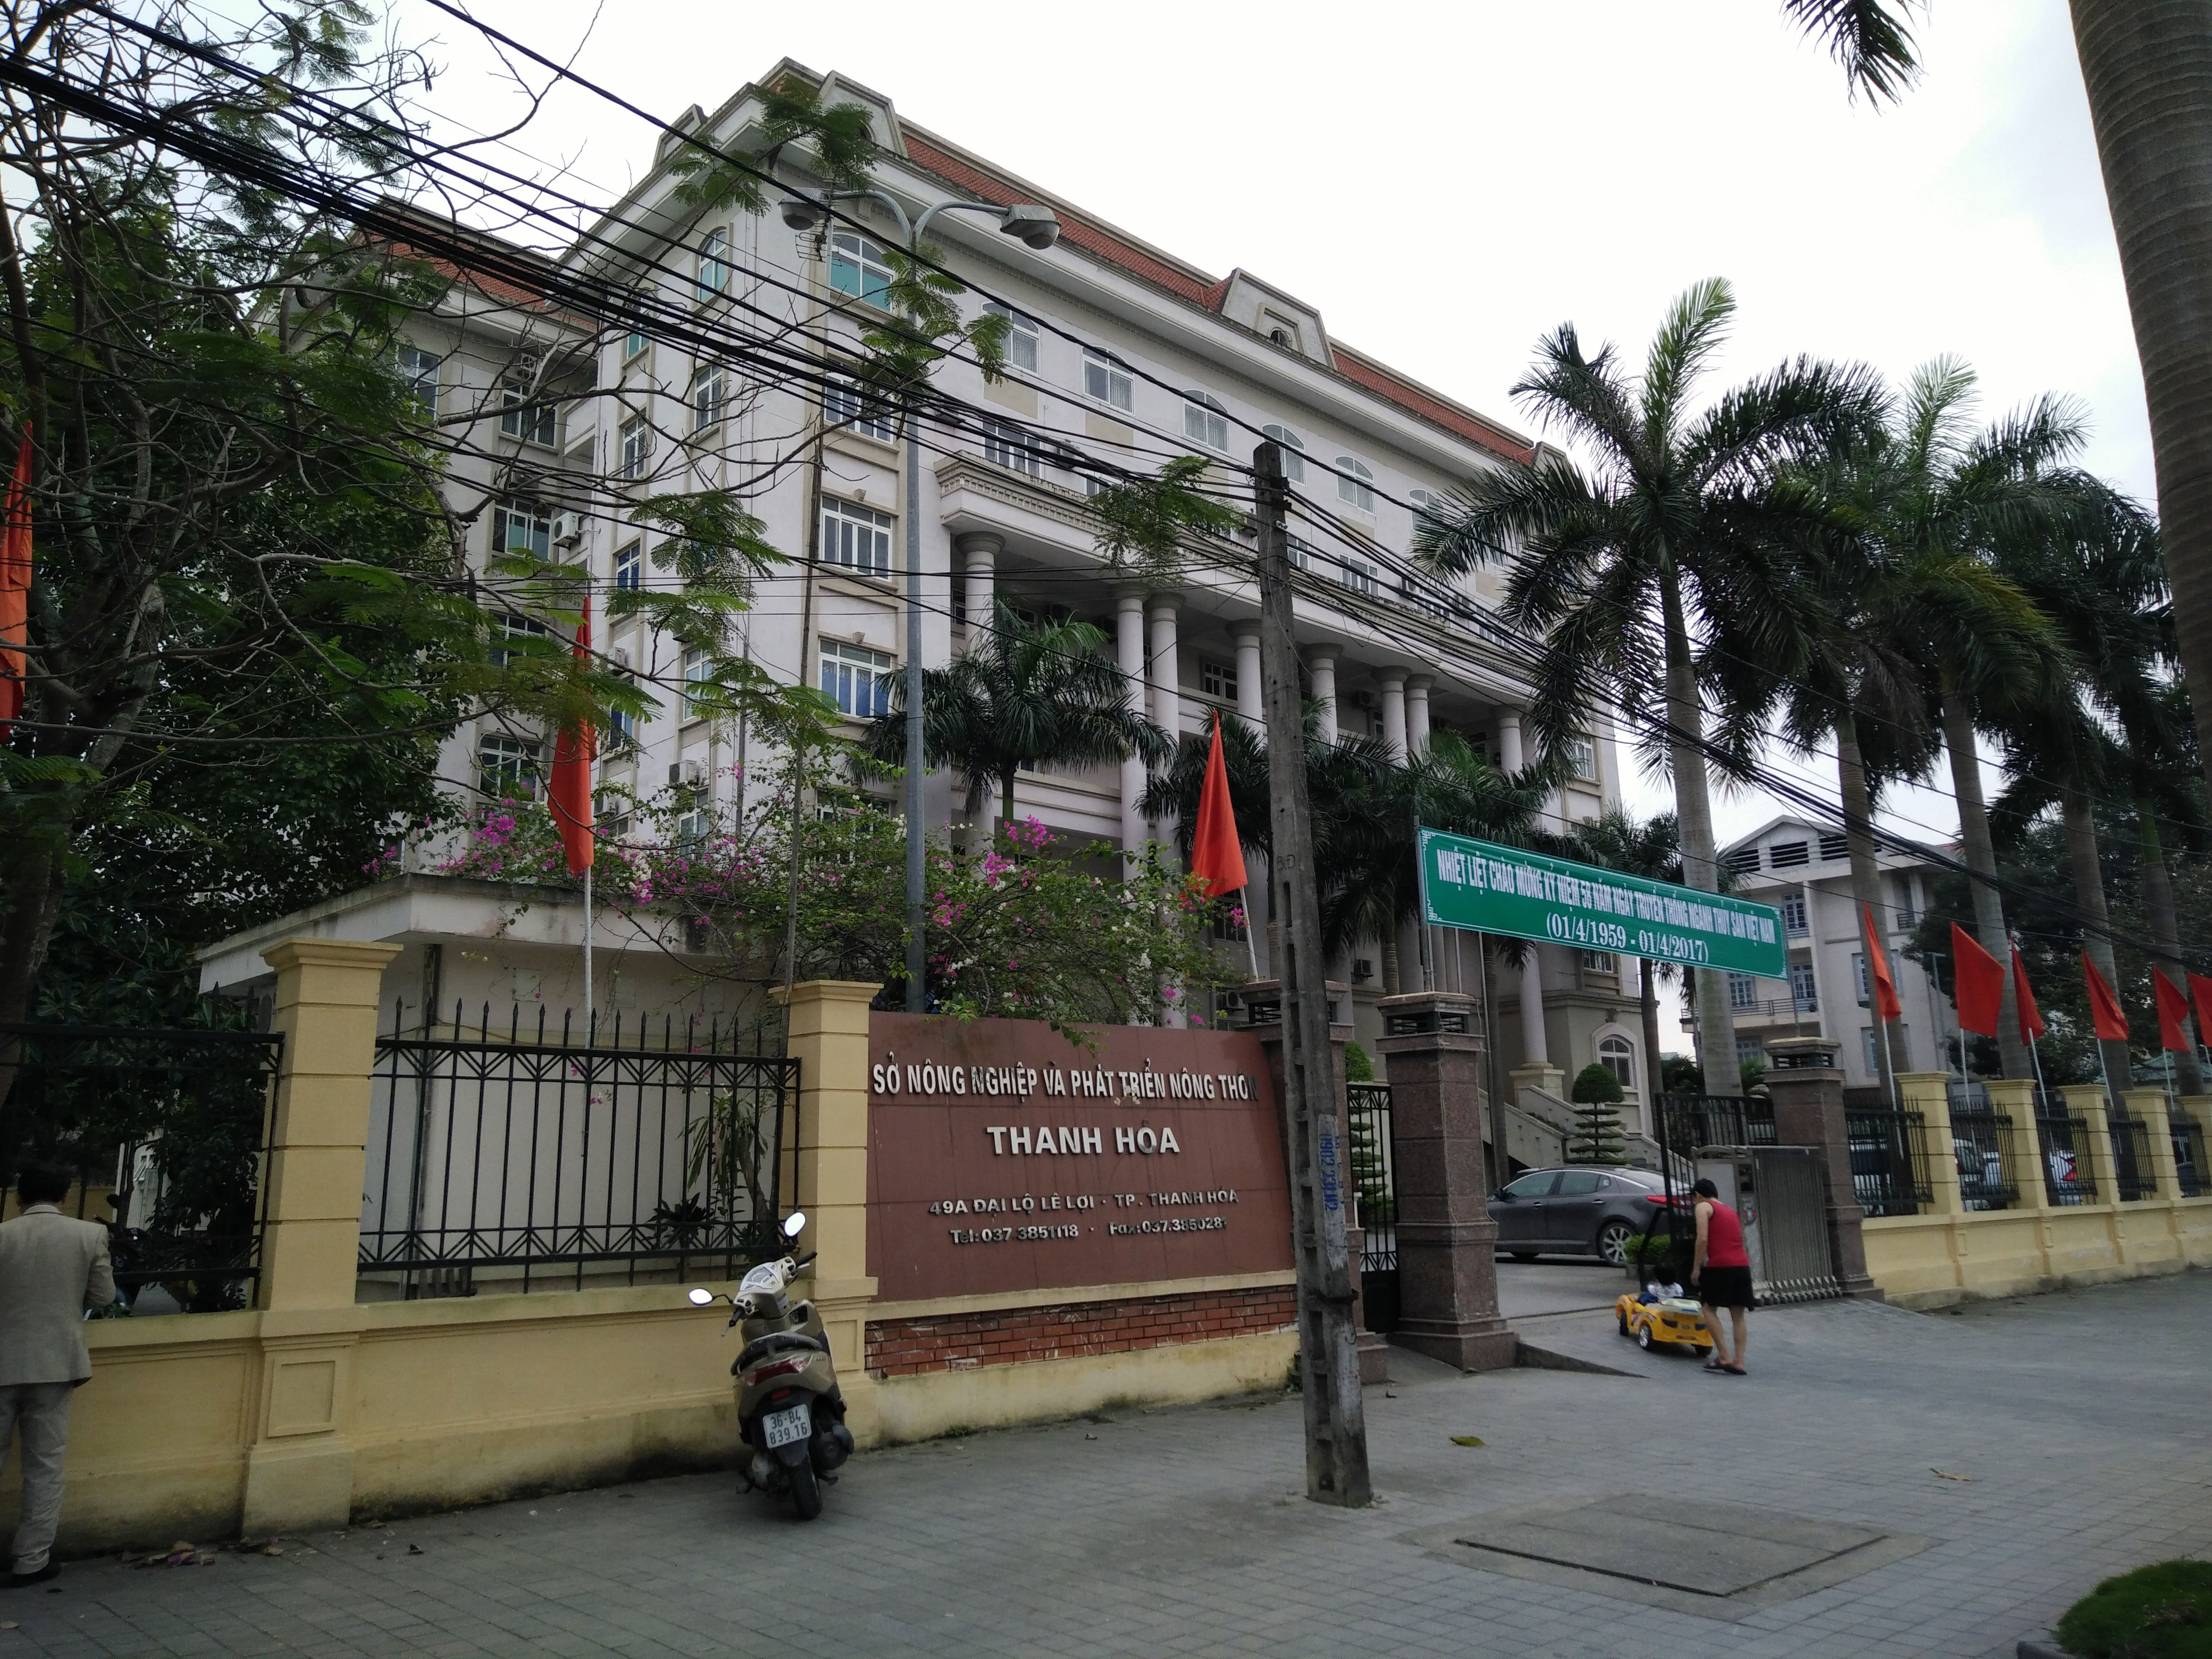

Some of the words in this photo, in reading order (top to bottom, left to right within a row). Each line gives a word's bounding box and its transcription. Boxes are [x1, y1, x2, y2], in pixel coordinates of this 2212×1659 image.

[1437, 846, 1467, 891] NHIỆT
[1467, 851, 1488, 895] LIỆT
[1489, 856, 1515, 894] CHÀO
[1515, 860, 1544, 900] MỪNG
[1544, 862, 1556, 902] KỶ
[1556, 870, 1581, 912] NIỆM
[1580, 880, 1592, 909] 58
[1591, 877, 1613, 913] NĂM
[1612, 883, 1634, 917] NGÀY
[1634, 885, 1664, 923] TRUYỀN
[1663, 890, 1689, 928] THỐNG
[1688, 898, 1713, 932] NGÀNH
[1730, 903, 1747, 939] SẢN
[1744, 909, 1760, 946] VIỆT
[1758, 916, 1776, 944] NAM
[1546, 912, 1626, 948] (01/4/1959
[1639, 929, 1708, 964] 01/4/2017)
[873, 1051, 900, 1094] SỞ
[907, 1058, 966, 1095] NÔNG
[970, 1061, 1037, 1103] NGHIỆP
[1042, 1060, 1066, 1095] VÀ
[1070, 1063, 1114, 1097] PHÁT
[1118, 1057, 1166, 1098] TRIỂN
[1169, 1067, 1216, 1099] NÔNG
[986, 1126, 1102, 1154] THANH
[1115, 1119, 1181, 1153] HÒA
[929, 1200, 969, 1214] 49A
[973, 1197, 1007, 1217] ĐẠI
[1012, 1193, 1035, 1214] LỘ
[1041, 1193, 1061, 1210] LÊ
[1066, 1195, 1094, 1213] LỢI
[1148, 1192, 1203, 1206] THANH
[769, 1422, 807, 1445] 839.16
[770, 1409, 801, 1429] 36-B4

——————————

WORK INSTRUCTION
Once the images are dropped, set down the remaining material word for word.

SOLUTION TO THIS PROBLEM
Some of the words in this photo, in reading order (top to bottom, left to right within a row). Each line gives a word's bounding box and its transcription. Boxes are [x1, y1, x2, y2], in pixel coordinates of this 2212×1659 image.

[1437, 846, 1467, 891] NHIỆT
[1467, 851, 1488, 895] LIỆT
[1489, 856, 1515, 894] CHÀO
[1515, 860, 1544, 900] MỪNG
[1544, 862, 1556, 902] KỶ
[1556, 870, 1581, 912] NIỆM
[1580, 880, 1592, 909] 58
[1591, 877, 1613, 913] NĂM
[1612, 883, 1634, 917] NGÀY
[1634, 885, 1664, 923] TRUYỀN
[1663, 890, 1689, 928] THỐNG
[1688, 898, 1713, 932] NGÀNH
[1730, 903, 1747, 939] SẢN
[1744, 909, 1760, 946] VIỆT
[1758, 916, 1776, 944] NAM
[1546, 912, 1626, 948] (01/4/1959
[1639, 929, 1708, 964] 01/4/2017)
[873, 1051, 900, 1094] SỞ
[907, 1058, 966, 1095] NÔNG
[970, 1061, 1037, 1103] NGHIỆP
[1042, 1060, 1066, 1095] VÀ
[1070, 1063, 1114, 1097] PHÁT
[1118, 1057, 1166, 1098] TRIỂN
[1169, 1067, 1216, 1099] NÔNG
[986, 1126, 1102, 1154] THANH
[1115, 1119, 1181, 1153] HÒA
[929, 1200, 969, 1214] 49A
[973, 1197, 1007, 1217] ĐẠI
[1012, 1193, 1035, 1214] LỘ
[1041, 1193, 1061, 1210] LÊ
[1066, 1195, 1094, 1213] LỢI
[1148, 1192, 1203, 1206] THANH
[769, 1422, 807, 1445] 839.16
[770, 1409, 801, 1429] 36-B4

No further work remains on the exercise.